After the death of cardinal Torquemada in 1468, the Confraternity ordered an altarpiece from the valued Roman painter Antoniazzo Romano, which was to commemorate the deceased and remind of his charitable deeds. This was one of the last works of this artist, finished in the Jubilee Year of 1500. It depicted a scene well-known from the Gospel of St. Luke – the moment in which Archangel Gabriel comes to the Virgin Mary, to announce the miraculous news that, thanks to the Holy Spirit, she will become to mother of Jesus Christ – the Son of God. On the painting, however, we see Mary who had just finished reading, who does not even notice the divine messenger carrying a white lily (the symbol of purity), because she is busy giving three girls – mentees of the aforementioned confraternity – bags with money. Next to them we will notice the figure of Juan de Torquemada, in the Dominican habit, who with a protective gesture seems to be introducing the girls to Mary. Here, the cardinal seems to fill to role of St. Nicholas of Bari, who – as we know – in the very same way, much earlier, attempted to help girls in marriage. However, when we take a closer look at the painting, we can experience a sort of a doubt, whether all of this will succeed, which is testified to by the amount of elements placed in the scene by the painter. As we know from the Bible, the Archangel was to surprise and scare Mary with his arrival he was to give her the wonderful news, while Mary after a moment of thought, was to give in to the will of God. Yet here we see that the dove sent by God the Father is already approaching her, while the Archangel still remains unnoticed, and Mary herself, as was mentioned, is busy distributing pouches of gold. One of them she has already given out, and she is in the process of giving another, but the third is still at her side. It seems that the miraculous act of “divine impregnation”, will take place soon, but is Mary going to be able to hand out the third bag and finally notice the angel, not even mentioning the time needed to ponder the moment, as was described in the Bible, since the dove is so very near? Will Mary finally be able to concentrate on the annunciation itself?

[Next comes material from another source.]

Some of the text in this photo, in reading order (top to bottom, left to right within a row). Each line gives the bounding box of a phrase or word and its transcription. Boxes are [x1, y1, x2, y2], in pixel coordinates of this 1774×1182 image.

This crowding, which we are witness to, was not, as it seems, accidental, while the act of the annunciation and the care over the poor girls were purposefully combined, giving the Confraternity of the Annunciation an exceptional rank, while also providing the girls who experience its help, with the conviction of the exceptionality of this deed and its wondrous consequences. It is not the members of the confraternity who are gifting them, but Mary herself – the Mother of God, at the moment so important to her and for the whole Church. The reward for remaining pure, is not only the perspective of finding a husband and having happy children, but also the particular protection of the Mother of God.

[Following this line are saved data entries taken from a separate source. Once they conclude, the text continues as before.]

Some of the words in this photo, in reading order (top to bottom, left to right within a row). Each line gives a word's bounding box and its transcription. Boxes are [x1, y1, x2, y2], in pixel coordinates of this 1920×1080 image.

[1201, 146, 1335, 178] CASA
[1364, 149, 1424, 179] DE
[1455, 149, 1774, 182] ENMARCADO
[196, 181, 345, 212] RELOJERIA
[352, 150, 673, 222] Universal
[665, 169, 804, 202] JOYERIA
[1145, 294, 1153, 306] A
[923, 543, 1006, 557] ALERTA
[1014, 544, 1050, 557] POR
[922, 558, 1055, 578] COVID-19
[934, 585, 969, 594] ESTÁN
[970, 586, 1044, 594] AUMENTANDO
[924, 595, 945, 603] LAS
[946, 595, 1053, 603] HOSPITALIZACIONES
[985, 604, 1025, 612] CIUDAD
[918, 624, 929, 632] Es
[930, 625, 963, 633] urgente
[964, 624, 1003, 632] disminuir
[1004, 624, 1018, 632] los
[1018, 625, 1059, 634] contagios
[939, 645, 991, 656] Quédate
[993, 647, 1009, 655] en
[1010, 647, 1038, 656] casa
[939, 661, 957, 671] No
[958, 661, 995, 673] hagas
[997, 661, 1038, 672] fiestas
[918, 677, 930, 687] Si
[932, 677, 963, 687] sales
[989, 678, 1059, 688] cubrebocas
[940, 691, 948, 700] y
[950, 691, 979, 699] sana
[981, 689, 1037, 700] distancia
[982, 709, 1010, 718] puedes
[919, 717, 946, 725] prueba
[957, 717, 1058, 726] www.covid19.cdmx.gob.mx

The campaign of giving out bags with money was practiced by the Confraternity of the Annunciation annually on the Feast of the Annunciation, meaning 25th March. This gift was granted to selected girls, after three years of trials and after turning fifteen, when it was decided that they are worthy of help. The money was given during a celebration which took place in a church, in the presence of a clergyman.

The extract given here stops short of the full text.